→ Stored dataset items
Start of Block
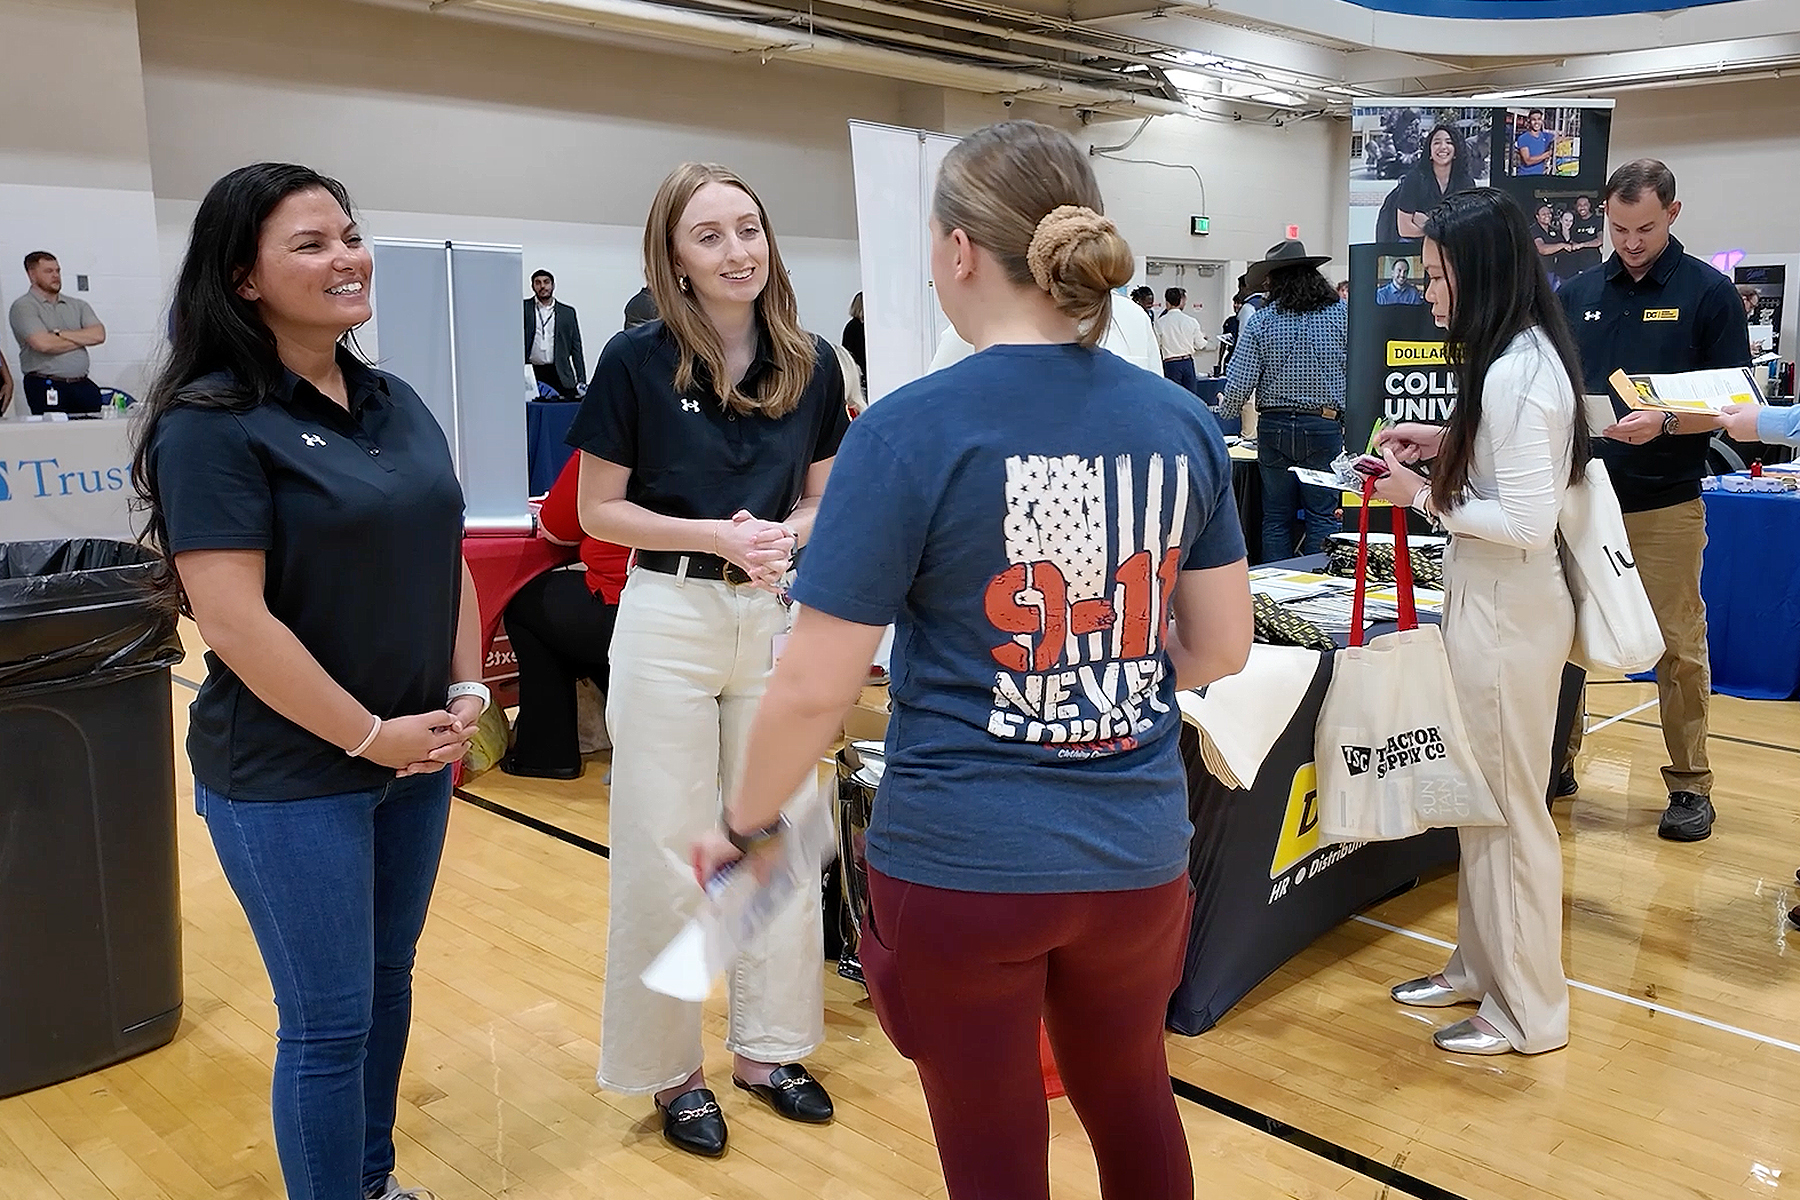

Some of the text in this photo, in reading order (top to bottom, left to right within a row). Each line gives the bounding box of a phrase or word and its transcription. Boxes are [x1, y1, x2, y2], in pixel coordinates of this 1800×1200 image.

[1384, 398, 1458, 420] UNIV
[1376, 727, 1442, 762] TACTOR
[1344, 747, 1368, 771] TSC
[1268, 876, 1291, 905] HR
End of Block
→ AIM OF THE EXERCISE
With the pictures omitted, print each line of the data above precisely as given.

→ TASK SOLUTION
Some of the text in this photo, in reading order (top to bottom, left to right within a row). Each line gives the bounding box of a phrase or word and its transcription. Boxes are [x1, y1, x2, y2], in pixel coordinates of this 1800×1200 image.

[1384, 398, 1458, 420] UNIV
[1376, 727, 1442, 762] TACTOR
[1344, 747, 1368, 771] TSC
[1268, 876, 1291, 905] HR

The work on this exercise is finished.